DOI: 10.1063/PT.5.8072

Vivek Wadhwa —former software entrepreneur, present technological evangelist, and recent author of a Washington Post blog piece predicting planetwide energy transformation—gets plenty of exposure.

Two and a half years ago, the San Jose Mercury News published a column under the headline “Vivek Wadhwa emerges as Silicon Valley’s most provocative voice.” At Stanford University, where Wadhwa serves as a fellow at the Rock Center for Corporate Governance , web pages itemize his national media ubiquity. He has another academic affiliation at Duke University’s engineering school.

Headlines and subheads for his other Post pieces amplify the techno-optimism of his energy-prediction piece, itself headlined “The coming era of unlimited—and free—clean energy.” Here are two examples:

* “It’s a beautiful time to be alive and educated : Tremendous advances in technology are letting us dramatically improve the human condition.”

* “How today’s technology is rapidly catching up to Star Trek : Science fiction is becoming reality given the rapid pace of development in technology.”

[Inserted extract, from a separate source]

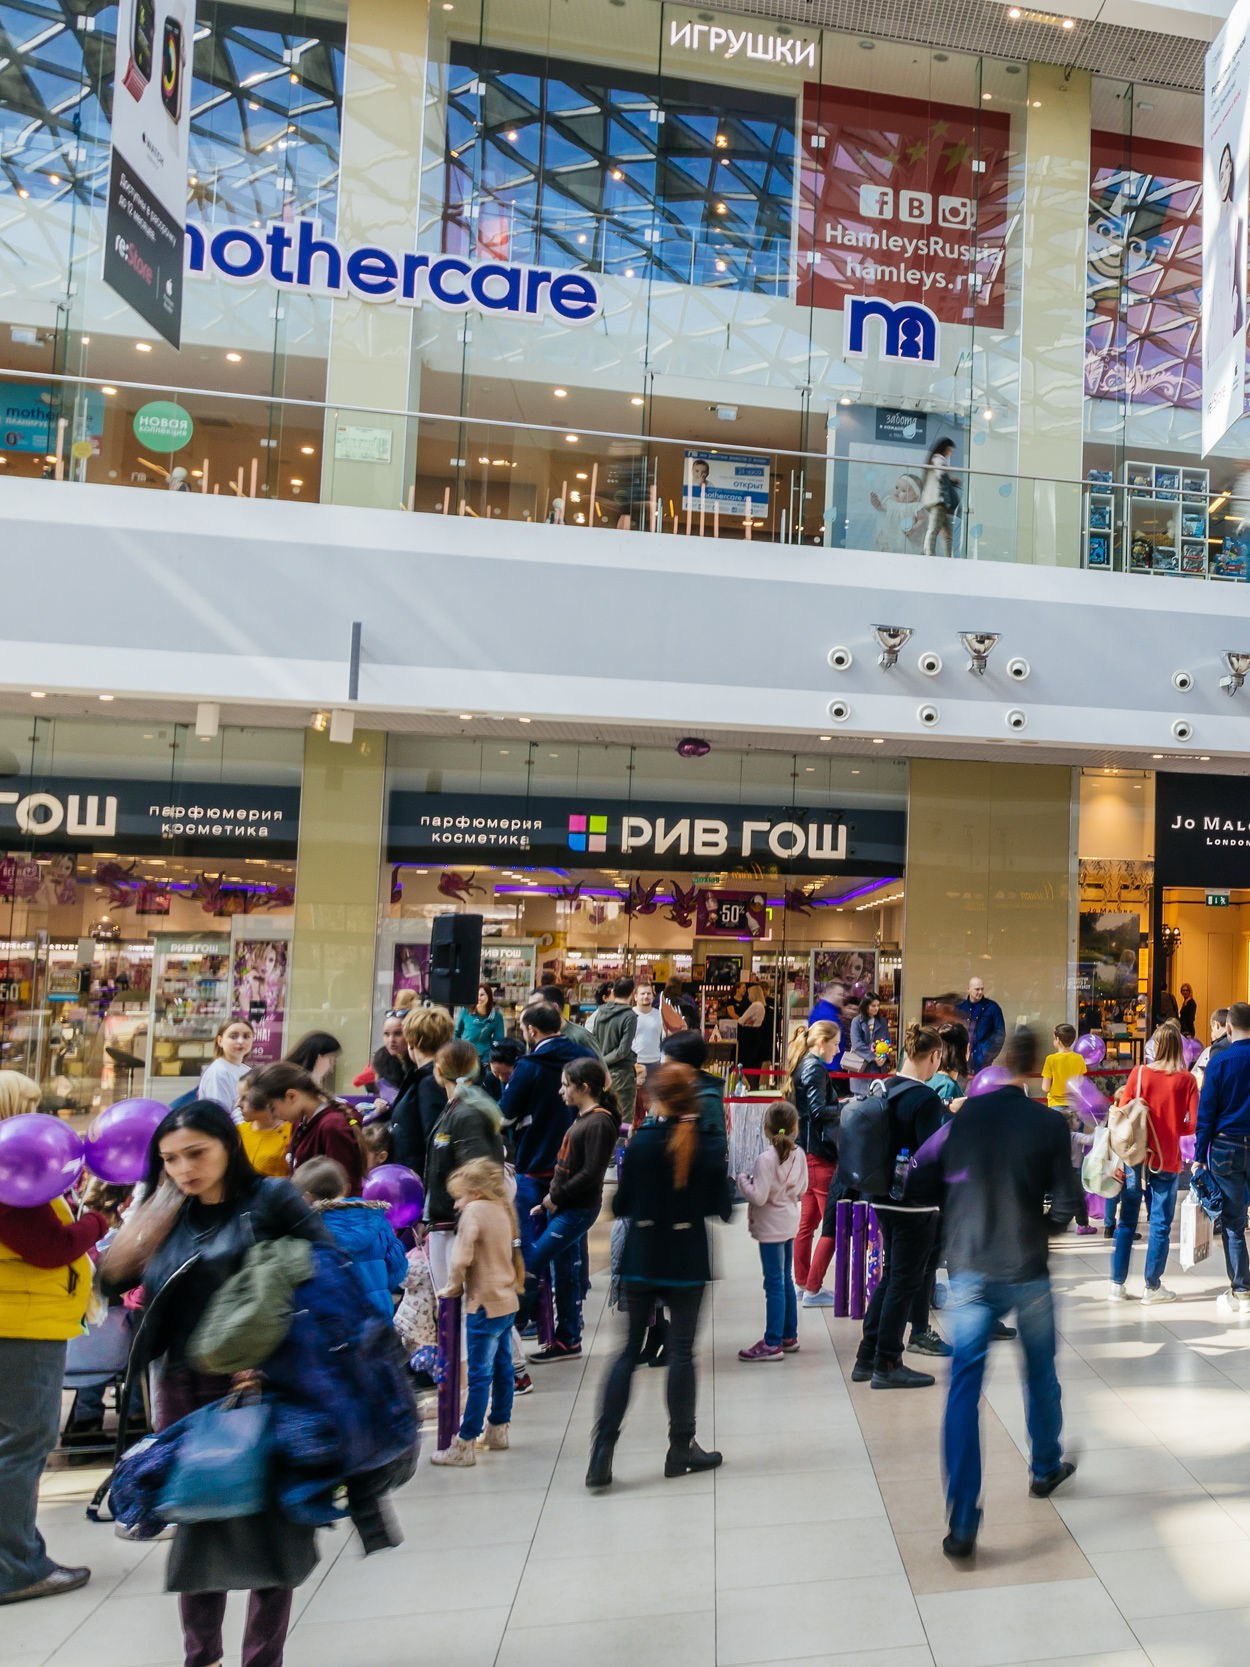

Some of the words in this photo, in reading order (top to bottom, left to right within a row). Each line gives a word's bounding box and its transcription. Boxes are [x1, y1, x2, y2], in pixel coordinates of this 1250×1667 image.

Wadhwa premises his plentiful-energy prediction on an analogy with cell phones. After tracing early reactions to their potential, he writes:

The experts are saying the same about solar energy now. They note that after decades of development, solar power hardly supplies 1 percent of the world’s energy needs. They say that solar is inefficient, too expensive to install, and unreliable, and will fail without government subsidies. They too are wrong. Solar will be as ubiquitous as cellular phones are.

Futurist Ray Kurzweil notes that solar power has been doubling every two years for the past 30 years—as costs have been dropping. He says solar energy is only six doublings—or less than 14 years—away from meeting 100 percent of today’s energy needs. Energy usage will keep increasing, so this is a moving target. But, by Kurzweil’s estimates, inexpensive renewable sources will provide more energy than the world needs in less than 20 years. Even then, we will be using only one part in 10,000 of the sunlight that falls on the Earth.

In places such as Germany, Spain, Portugal, Australia, and the Southwest United States, residential-scale solar production has already reached “grid parity” with average residential electricity prices.

Wadhwa also predicts breakthroughs for wind, biomass, thermal, tidal, waste-breakdown energy, and, crucially, battery technology for energy storage. He predicts that the fossil-fuel industry will decline and fail. The environment will improve. Cheap energy will overcome water scarcity by enabling cost-effective processing of seawater. Farmers will “grow hydroponic fruits and vegetables in vertical farms located near consumers"—that is, in “glass buildings without the need for pesticides” and with recycling of “nutrients and materials to ensure there is no ecological impact.”

At the end, Wadhwa echoes, in effect, a recent comment by former President Clinton. Wadhwa asserts, “We are surely heading into the era of abundance that Peter Diamandis has written about—the era when the basic needs of humanity are met through advancing technologies.” On CNN, Clinton recently recommended Diamandis’s book “Abundance: The Future Is Better Than You Think.” Clinton said:

[W]hile the headlines are really bad in the world today, the trend lines are pretty good. Extreme poverty is down. The health care is improving dramatically around the world. There are developments now which make me believe we might be able to do what we did in the ‘90s, which is to use technological developments to create more jobs than we lose. For the last few months, for the first time in literally more than a decade, 40 percent of the new jobs have been in higher wage categories. I think people should read this and get some good ideas.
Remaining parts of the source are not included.